2013年3月22日 (金) 掲載

◎青函企業がパートナー探し真剣、新幹線開業見据え初の商談会

 2015年度の北海道新幹線開業を見据え、函館商工会議所と青森商工会議所は21日、函館市内のホテルで青函両地域の企業を結びつける商談会を初めて開いた。ビジネス環境が大きく変化する新幹線開業を双方の商機拡大に生かそうという取り組みだ。この日は青森側の企業が自社の取り組みを紹介し、互いに事業のパートナーを探した。

 両市は1989年に「ツインシティ」の提携を結び、行政や民間レベルでの交流を進めてきたが、経済やビジネス面での交流成果は挙がっていなかった。商談会は、新函館開業をビジネスチャンスととらえた青森側が函館側に提案。「会員事業所パートナーシップ支援事業」として実現した。

 商談会に参加した青森の企業は、函館側との連携を希望する建設業や菓子製造業、駅ビルなど8社。函館側は22社が集まった。青森側が提案し、商品などをPR。「新しい土産品を作ろう」「商品、サービスを函館に浸透させたい」などと呼び掛けた。続く個別の商談会でも、事業のアイデアなどを話し合った。

 これまで青森とのつきあいが浅かったというコンブ加工の梶原昆布店(若松町)の梶原健司社長は「面白いアイデアや提案があり、協力できそう。ガゴメコンブにも興味を持ってもらえた」と手応えをつかんだ様子。一方、青森市の総合卸売業、角弘の小田桐健藏社長は「新函館開業を機に函館との交流を活発にしていく」と意気込んでいた。

 年1回のペースで両市交互に商談会を開く予定で、次回は秋に函館側が青森を訪れるという。(松宮一郎)



◎学生アプリコンテスト、未来大の數原さん最高賞

 はこだて未来大情報アーキテクチャ学科4年の數原綾華さん(22)が、携帯端末用アプリケーションソフトを対象とした「HOKKAIDO学生アプリコンテスト」(北海道経済産業局主催)で、最高賞にあたる優秀賞を受賞した。

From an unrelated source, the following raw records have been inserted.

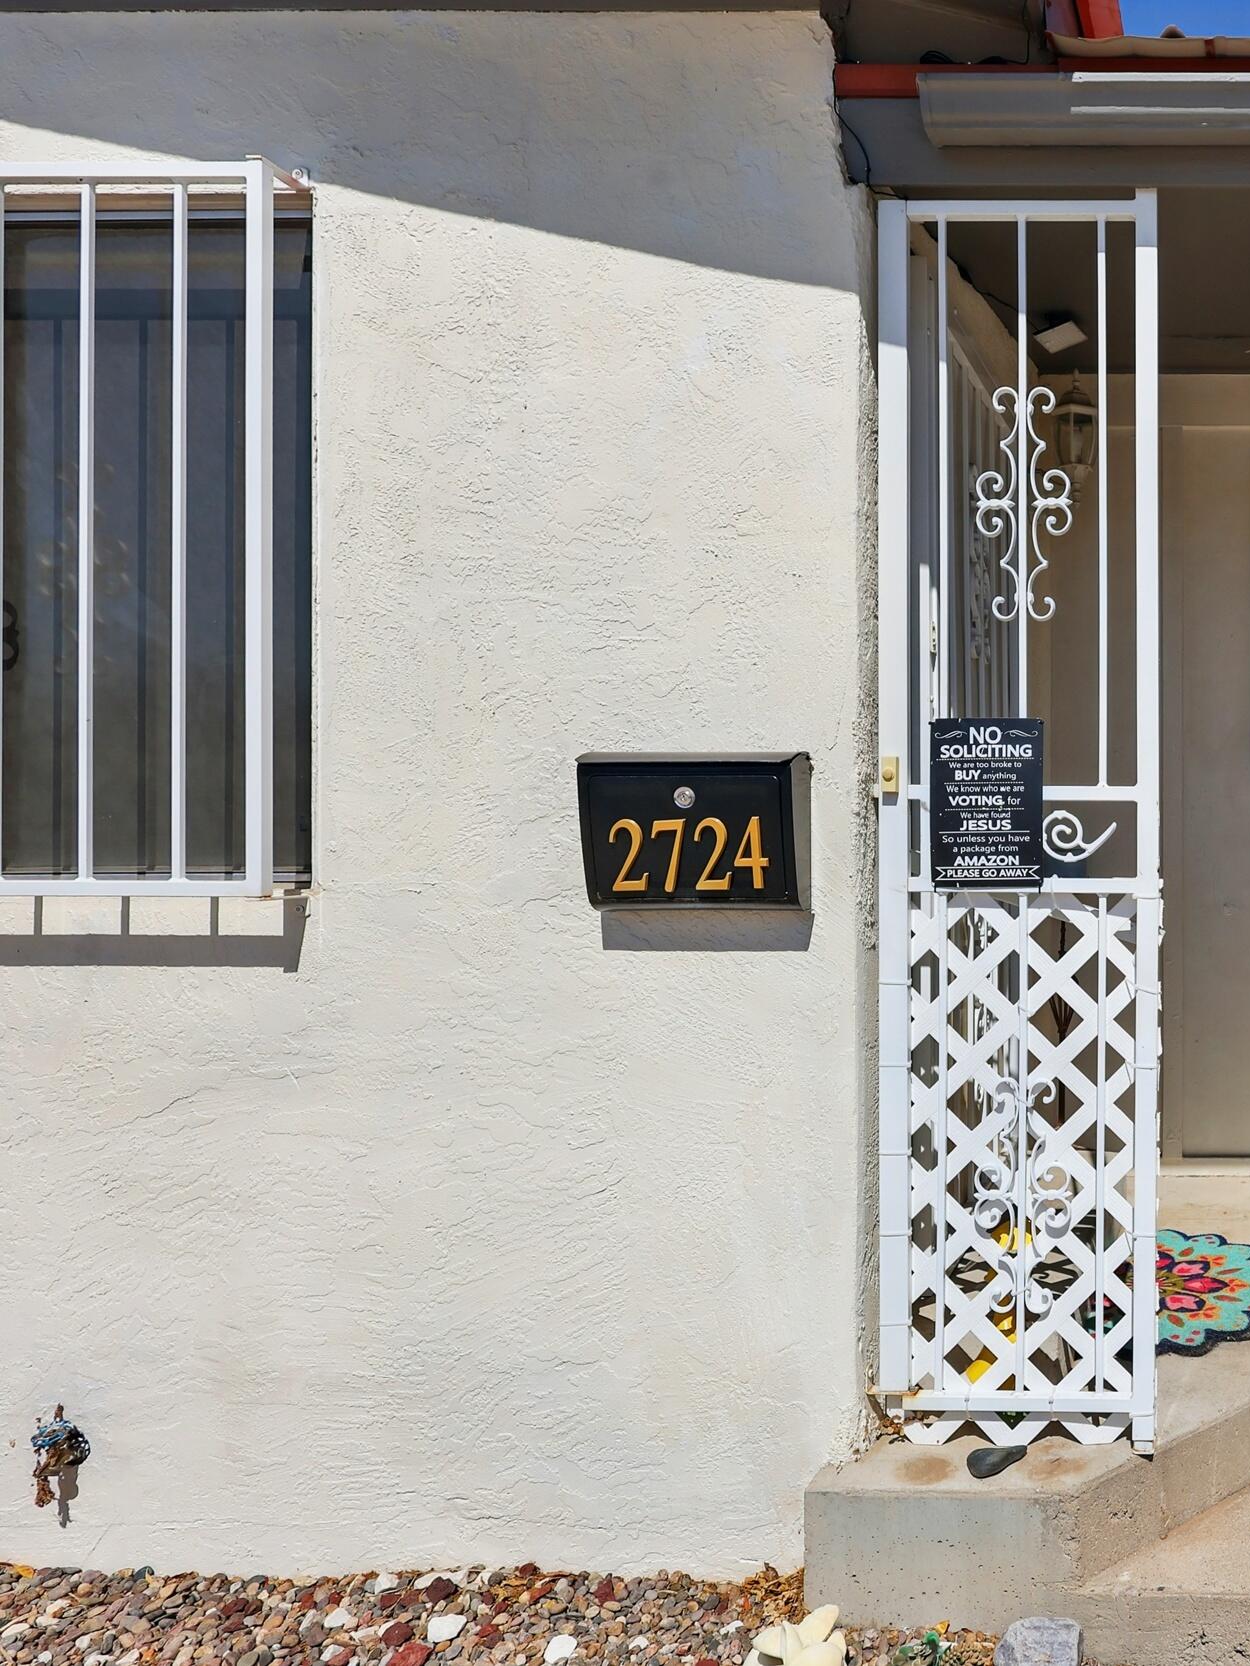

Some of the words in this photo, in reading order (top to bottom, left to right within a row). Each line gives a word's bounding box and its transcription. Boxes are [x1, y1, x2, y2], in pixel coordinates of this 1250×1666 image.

[969, 726, 1002, 744] NO
[940, 744, 1033, 758] SOLICITING
[991, 760, 1012, 768] broke
[955, 770, 981, 781] BUY
[983, 771, 1016, 781] anything
[946, 785, 958, 793] We
[961, 784, 980, 792] know
[983, 784, 998, 792] who
[1013, 784, 1025, 792] are
[949, 795, 1004, 806] VOTING
[1007, 796, 1021, 805] for
[973, 811, 989, 819] have
[991, 811, 1011, 819] found
[960, 820, 1012, 831] JESUS
[942, 835, 954, 843] So
[957, 834, 986, 843] unless
[988, 834, 1006, 845] you
[1008, 834, 1030, 842] have
[608, 816, 769, 893] 2724
[960, 845, 996, 854] package
[998, 844, 1019, 852] from
[954, 855, 1020, 866] AMAZON
[946, 869, 980, 878] PLEASE
[982, 868, 997, 877] GO
[999, 868, 1029, 877] AWAY
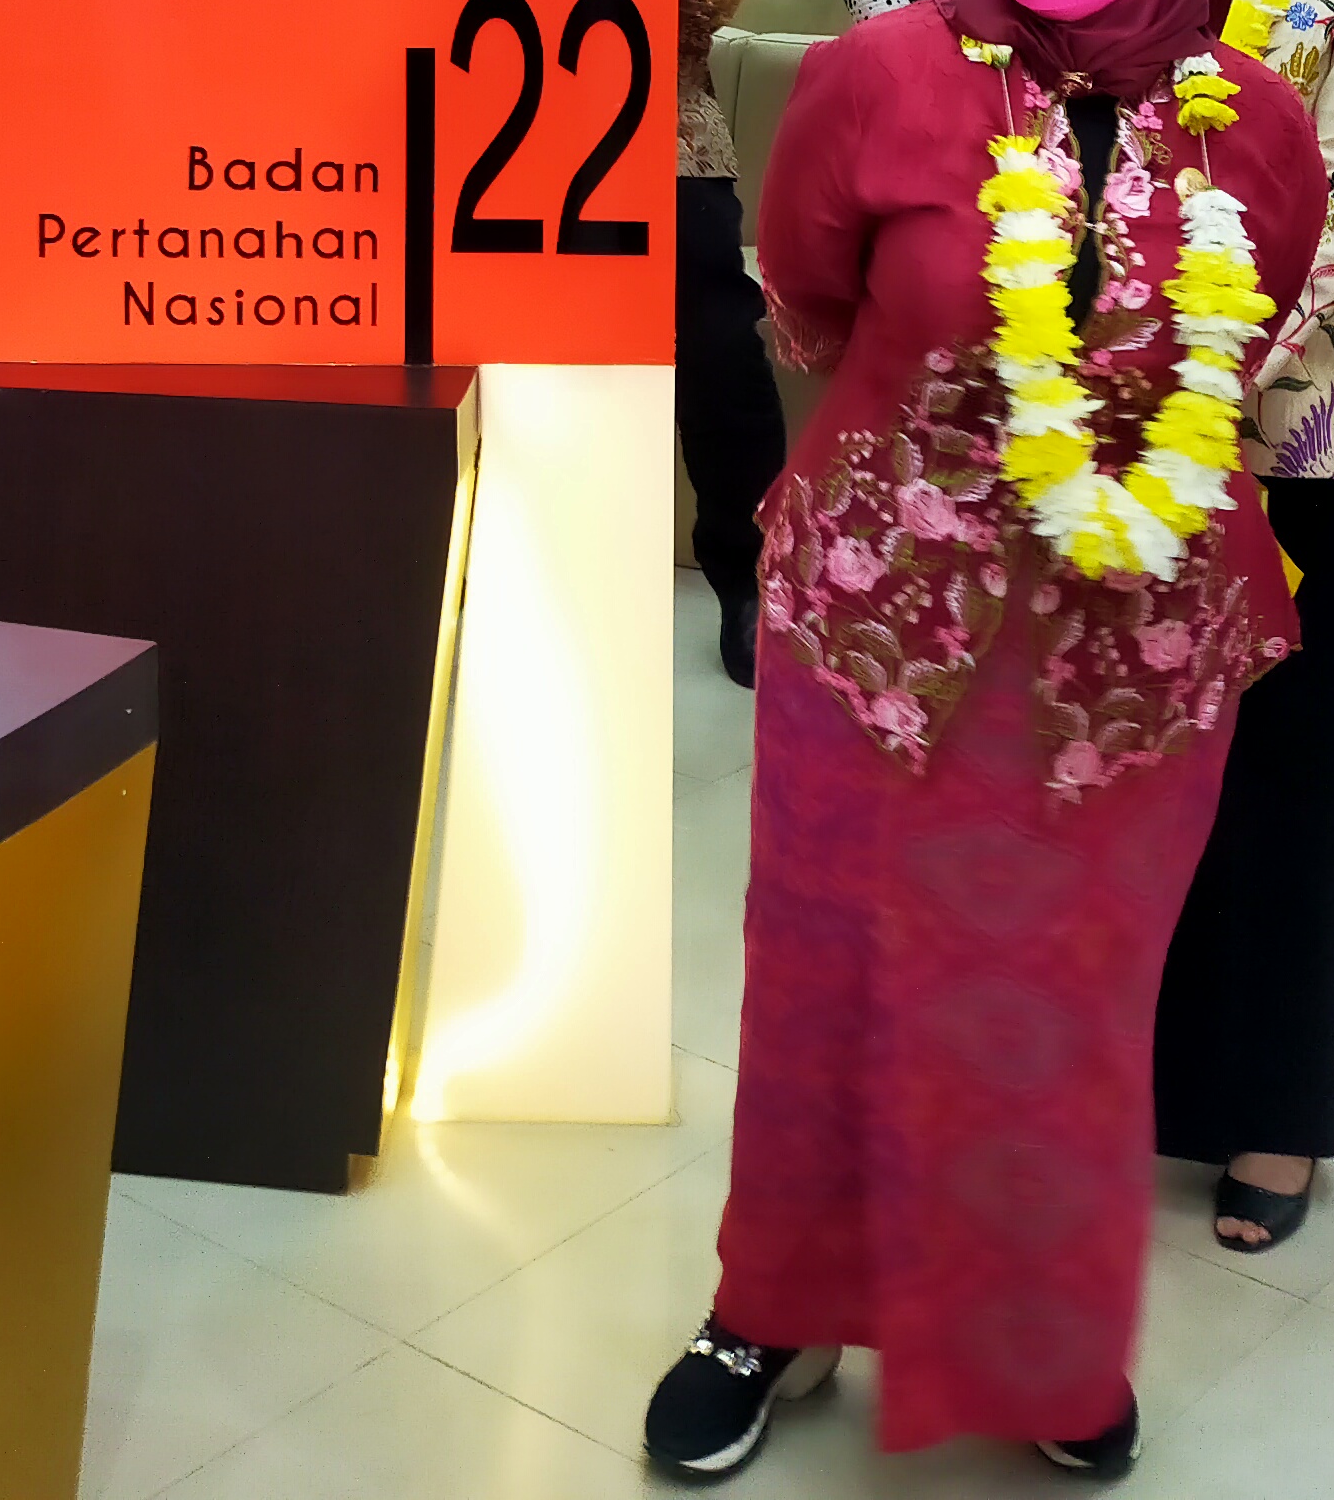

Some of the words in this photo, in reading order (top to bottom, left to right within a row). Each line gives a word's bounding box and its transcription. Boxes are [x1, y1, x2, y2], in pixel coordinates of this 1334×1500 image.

[187, 145, 380, 193] Badan
[37, 213, 379, 260] Pertanahan
[123, 281, 379, 328] Nasional
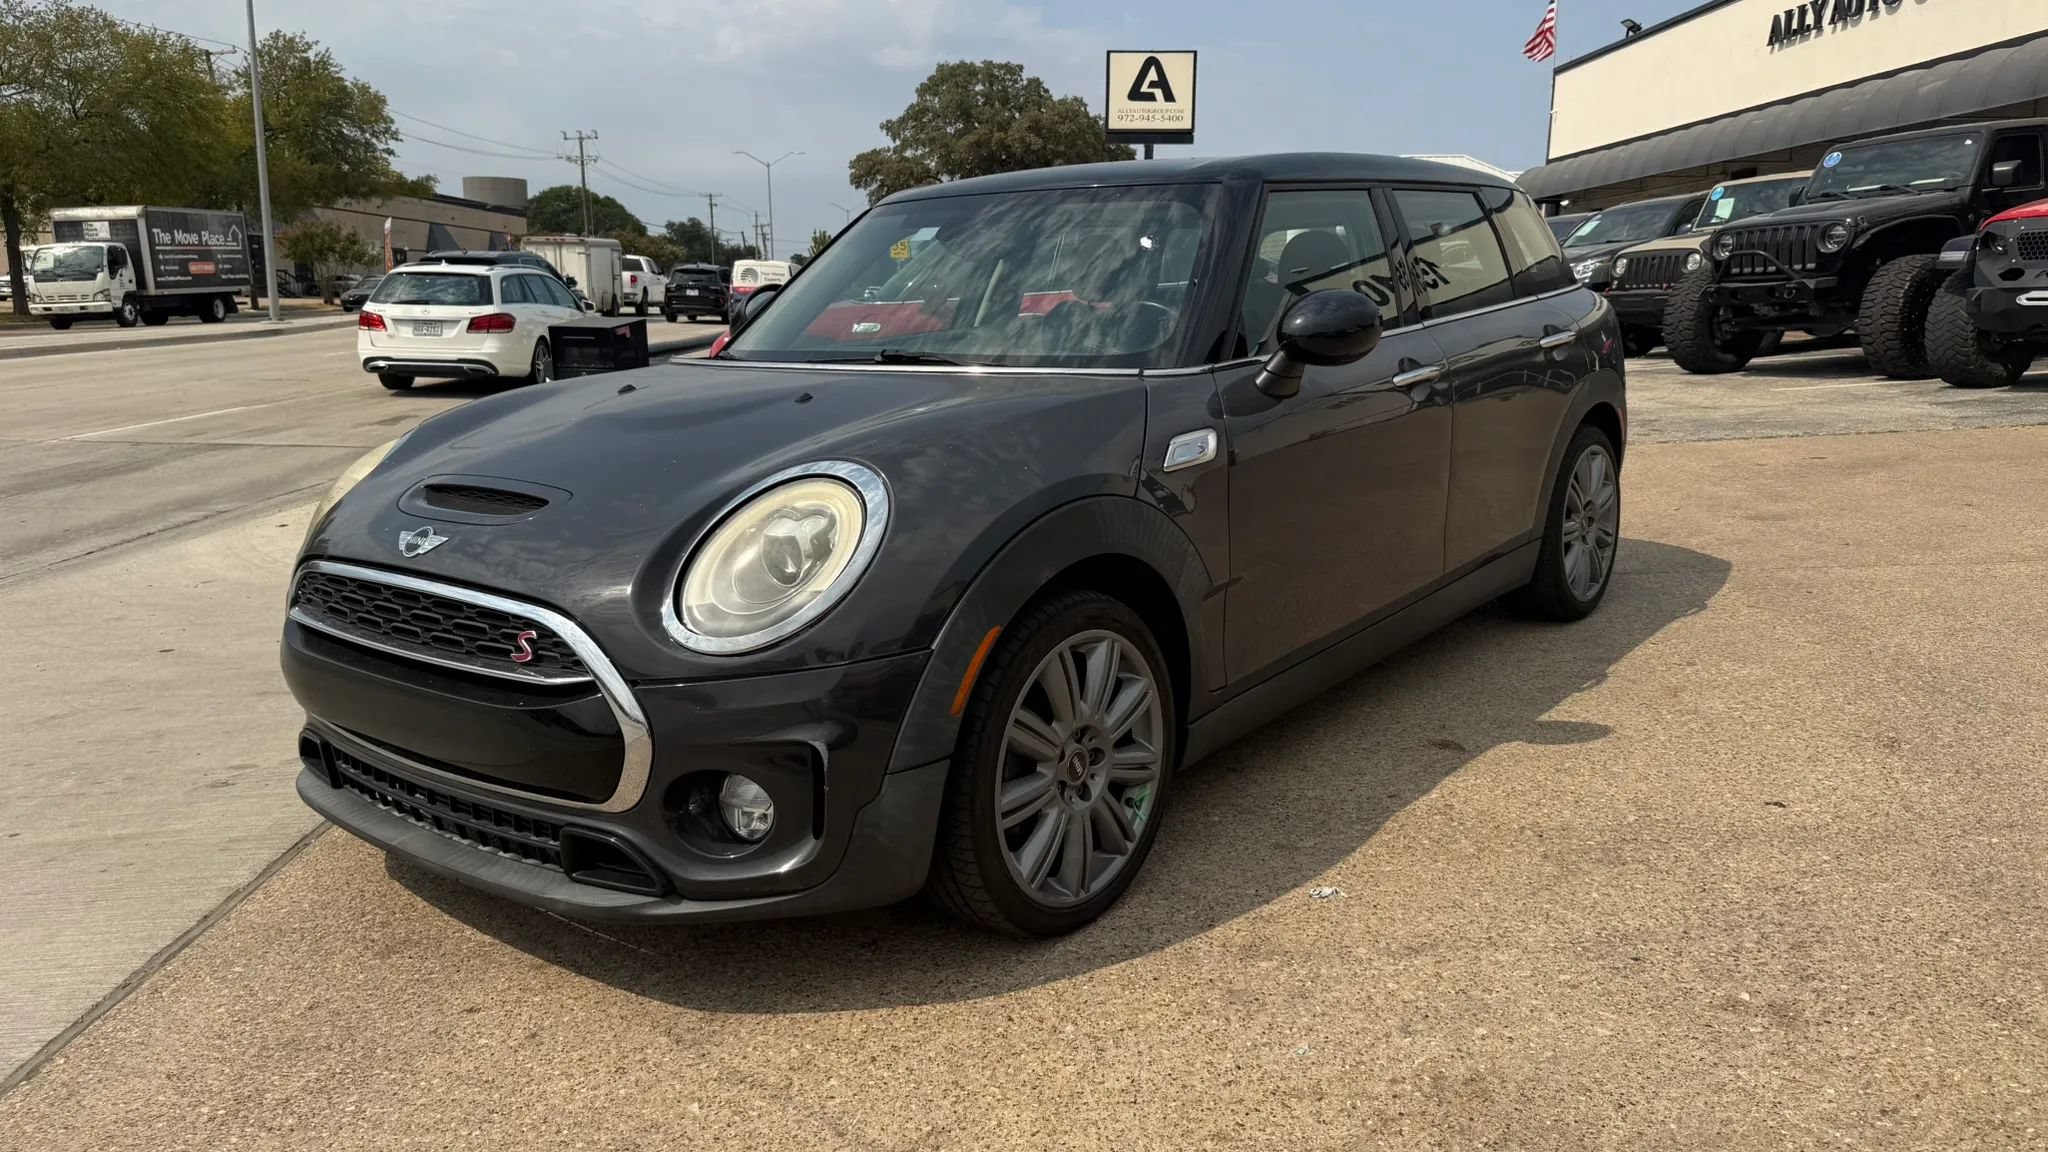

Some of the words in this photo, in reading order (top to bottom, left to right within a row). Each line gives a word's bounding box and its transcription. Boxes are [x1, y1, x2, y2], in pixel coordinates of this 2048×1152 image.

21日に同大を卒業し、東京での就職が決まっている數原さんは「大学生活の最後に最高の栄誉をいただき光栄」と喜んでいる。

 同コンテストは道内の高校、高専、専門学校、大学の学生が対象。數原さんの受賞作品は、卒業論文として制作した「アニメーションを利用した小学生のための英単語学習アプリ」。

 同アプリは携帯端末の画面に「ヒトデ」や「キツツキ」などの動物の画像が並び、指でタッチすると「Starfish」「Woodpecker」などと英訳が表示される仕組み。さらに「Star」=「星」、「fish」=「魚」などと語源を分解しながら、効率的に単語を暗記することを狙っている。

 數原さんは大学4年時に角薫教授の研究室に所属して、このアプリの開発に取り組んだ。実際に小学生の授業で活用してもらいながら、より使いやすい仕様に改良していったという。

 數原さんは「自分自身が英語が苦手だったので、どうやって子どもたちに楽しく学んでもらえるかが開発の出発点。賞がもらえるとは予想していなかったのでうれしい」と笑顔。角教授は「アニメーションを使って遊びながら英単語を記憶できるアイデアが素晴らしい」と賛辞を送る。

 同アプリは、4/6〜21に、KDDIデザインニングスタジオ(東京都渋谷区)とドコモスマートフォンラウンジ札幌(北海道札幌市)に展示される。(小川俊之)

 



◎青函観光モニターツアーに首都圏から22人

 函館市と青森市のツインシティ交流事業として、首都圏の観光客を対象とした観光モニターツアーが20日から開かれている。3年後に迫る北海道新幹線開業に向け、青函ブランドの強化が目的。60歳以上の観光客22人が訪れ、街歩きや名所散策を楽しんでいる。

 2009年の青函ツインシティ(双子都市)提携20周年を記念し、太宰治の作品にヒントを得て青函圏域の新たな魅力づくりを目的に実施している「赤い糸プロジェクト」の一環。JR東日本が展開する「大人の休日倶楽部」の会員から参加者を募り、青函観光の魅力を知ってもらおうと企画した。

 一行は20日に東京を出発後、青森観光を楽しみ、21日午後に函館入り。函館観光ボランティアガイド「愛」の小島洋一さんが案内役となって箱館奉行所や五稜郭タワーを見学。行き帰りの市電内では、スイーツや揚げたてのかまぼこに舌鼓を打っていた。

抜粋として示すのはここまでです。